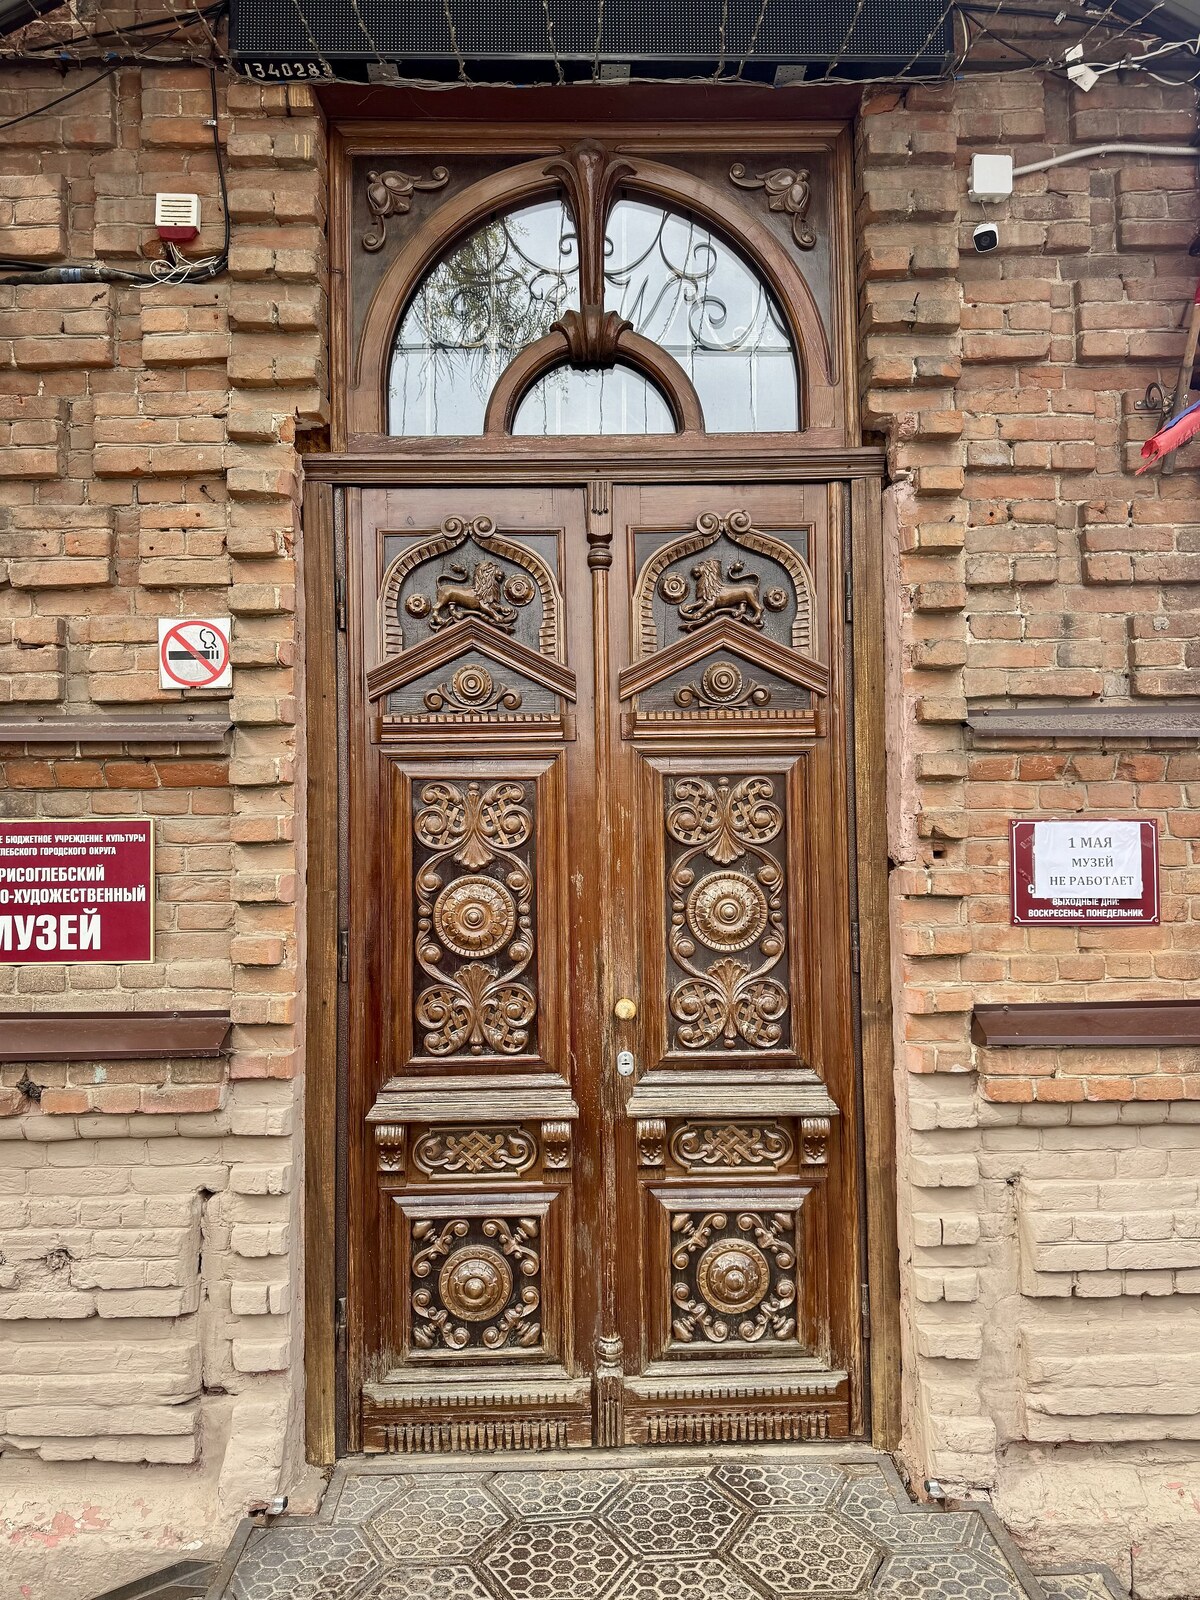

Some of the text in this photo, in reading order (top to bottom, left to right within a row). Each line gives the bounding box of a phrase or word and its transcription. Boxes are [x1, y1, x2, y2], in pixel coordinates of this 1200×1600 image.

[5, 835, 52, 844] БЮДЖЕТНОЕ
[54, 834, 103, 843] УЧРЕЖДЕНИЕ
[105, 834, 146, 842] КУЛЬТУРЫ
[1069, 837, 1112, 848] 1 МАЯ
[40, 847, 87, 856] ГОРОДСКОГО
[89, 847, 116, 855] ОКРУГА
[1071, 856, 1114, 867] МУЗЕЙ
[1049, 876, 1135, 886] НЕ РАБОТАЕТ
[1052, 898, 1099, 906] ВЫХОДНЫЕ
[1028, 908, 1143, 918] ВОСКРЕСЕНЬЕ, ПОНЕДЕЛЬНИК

---

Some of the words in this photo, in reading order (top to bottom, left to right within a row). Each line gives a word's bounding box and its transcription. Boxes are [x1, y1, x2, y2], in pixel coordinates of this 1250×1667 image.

---

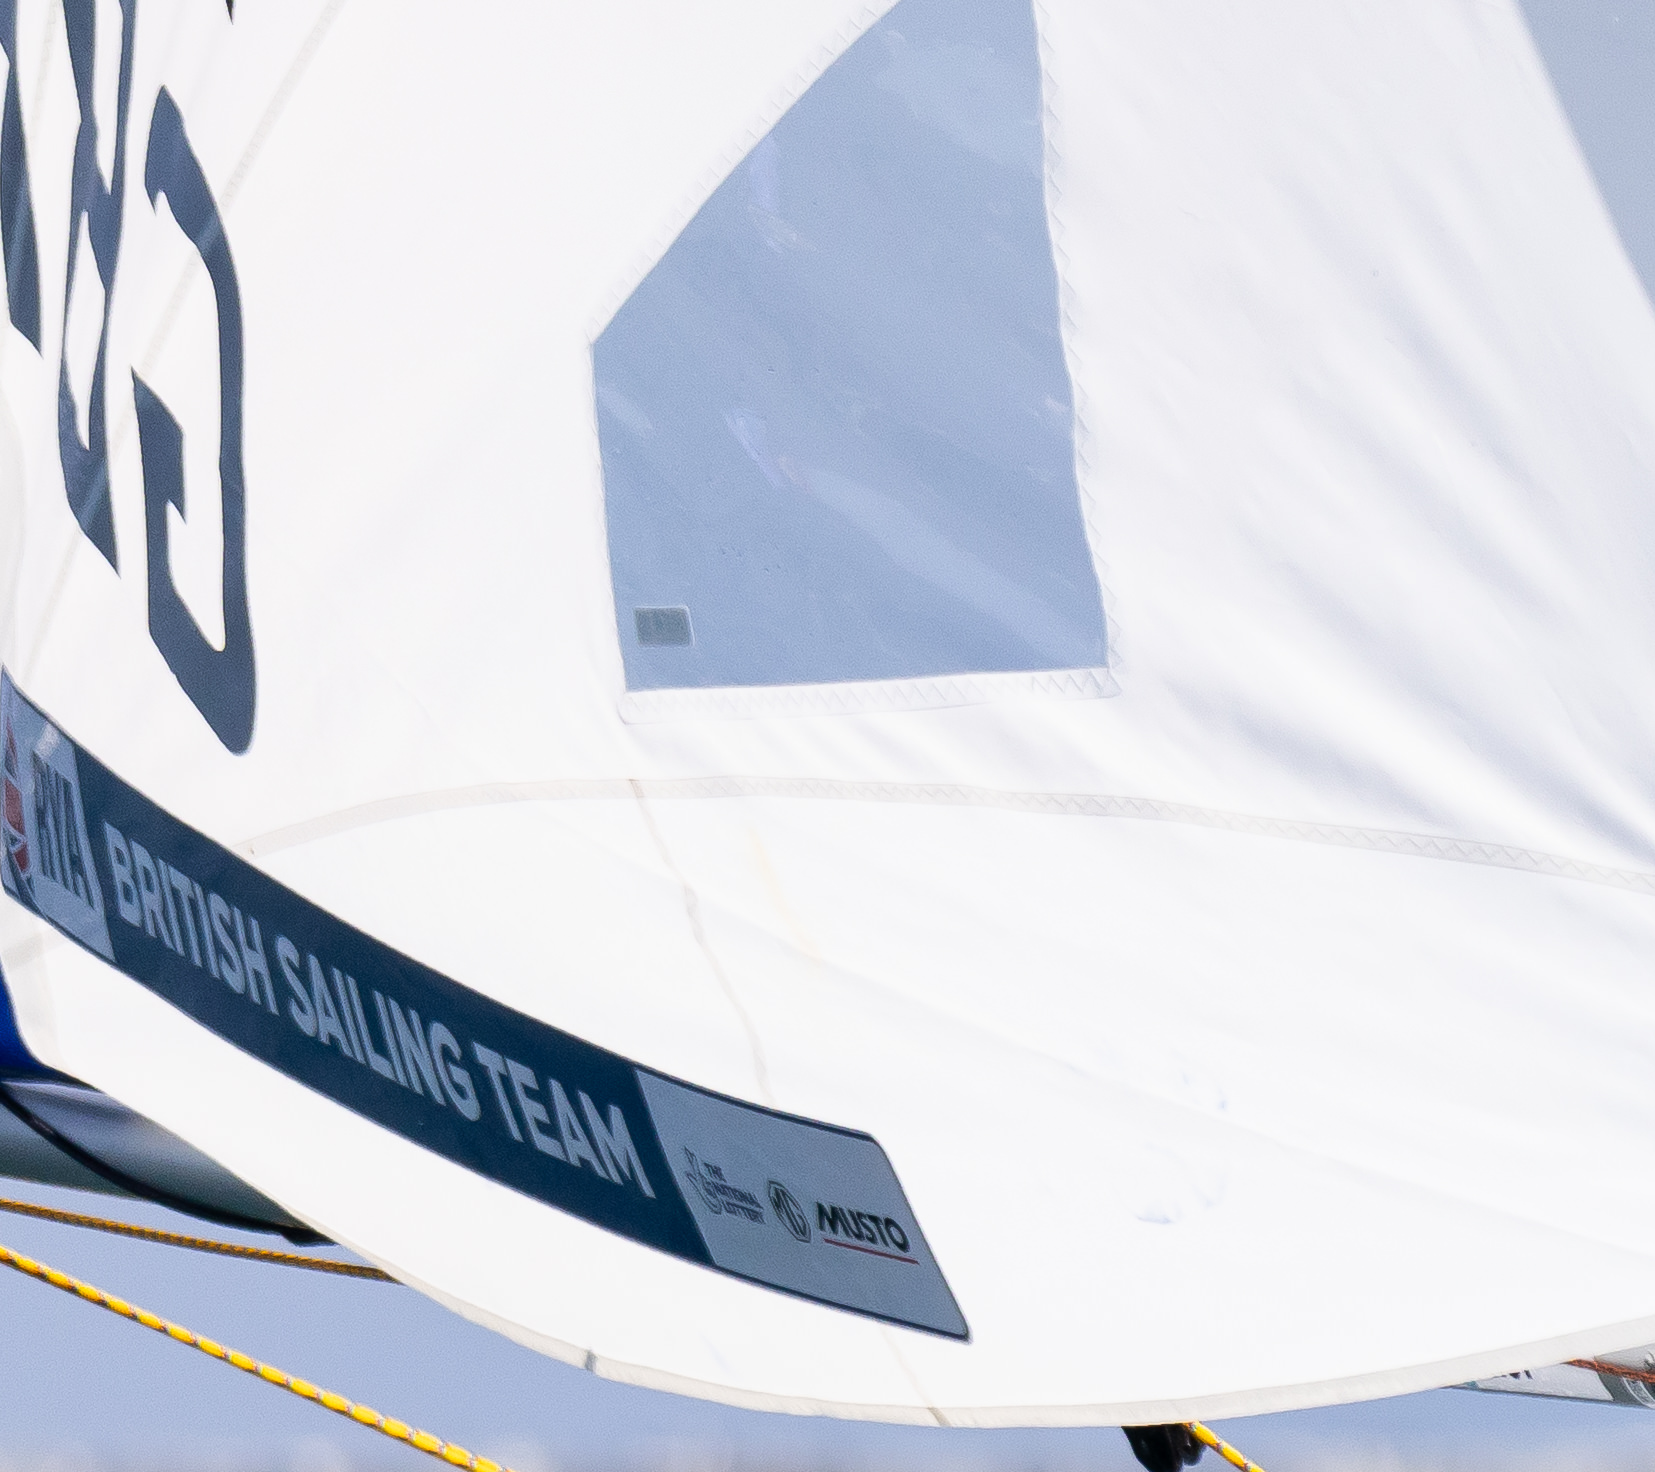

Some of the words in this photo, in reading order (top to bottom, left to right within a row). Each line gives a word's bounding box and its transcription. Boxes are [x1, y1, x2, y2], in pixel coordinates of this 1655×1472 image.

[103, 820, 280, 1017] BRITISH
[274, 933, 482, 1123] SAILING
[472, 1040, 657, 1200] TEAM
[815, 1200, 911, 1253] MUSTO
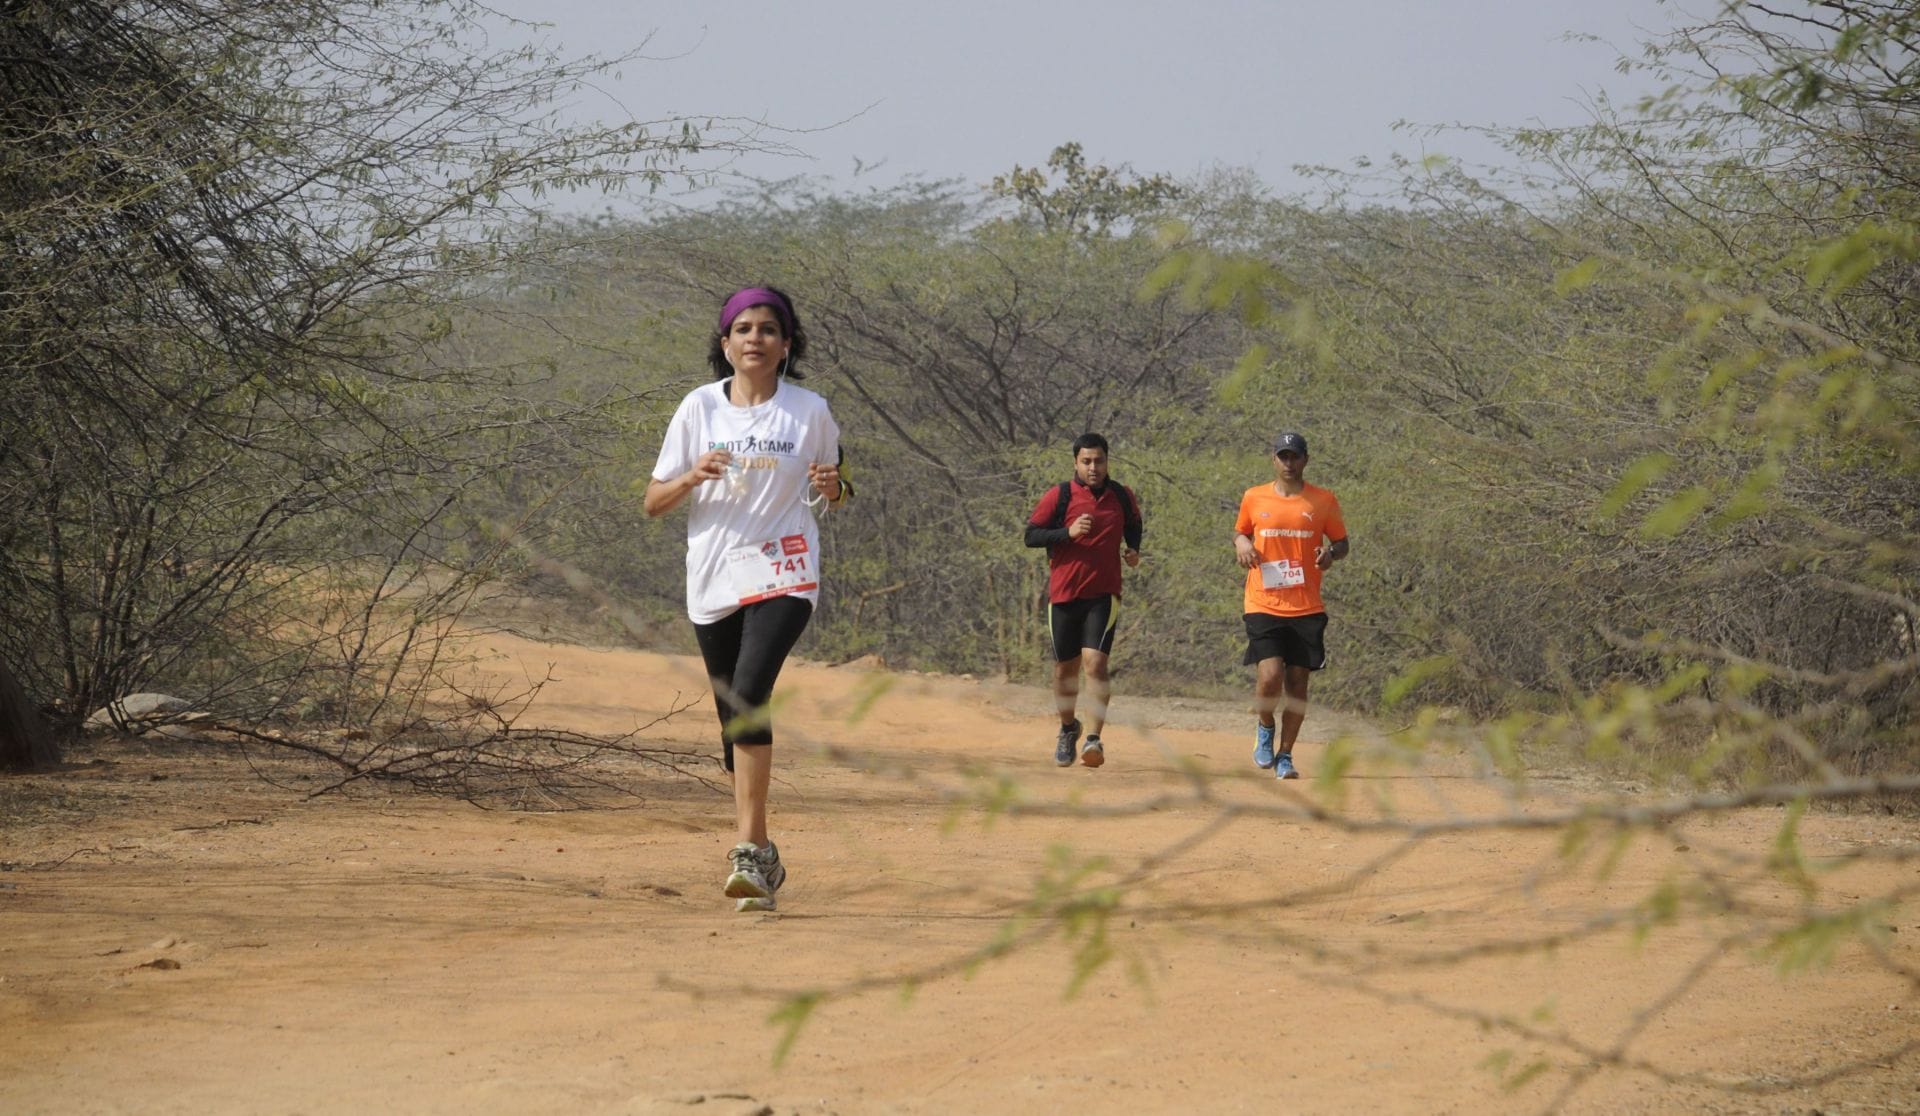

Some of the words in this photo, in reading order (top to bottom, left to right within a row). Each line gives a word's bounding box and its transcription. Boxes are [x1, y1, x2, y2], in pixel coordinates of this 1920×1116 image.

Try it: Nothing but the lines from the one containing "this 1655×1472 image." through the one containing "this 1920×1116 image." should appear, copied exactly from the material above and without pictures.

Output:
Some of the words in this photo, in reading order (top to bottom, left to right within a row). Each line gives a word's bounding box and its transcription. Boxes are [x1, y1, x2, y2], in pixel coordinates of this 1655×1472 image.

[103, 820, 280, 1017] BRITISH
[274, 933, 482, 1123] SAILING
[472, 1040, 657, 1200] TEAM
[815, 1200, 911, 1253] MUSTO

Some of the words in this photo, in reading order (top to bottom, left to right within a row). Each line gives a word's bounding box and its transcription. Boxes are [x1, y1, x2, y2], in pixel coordinates of this 1920×1116 image.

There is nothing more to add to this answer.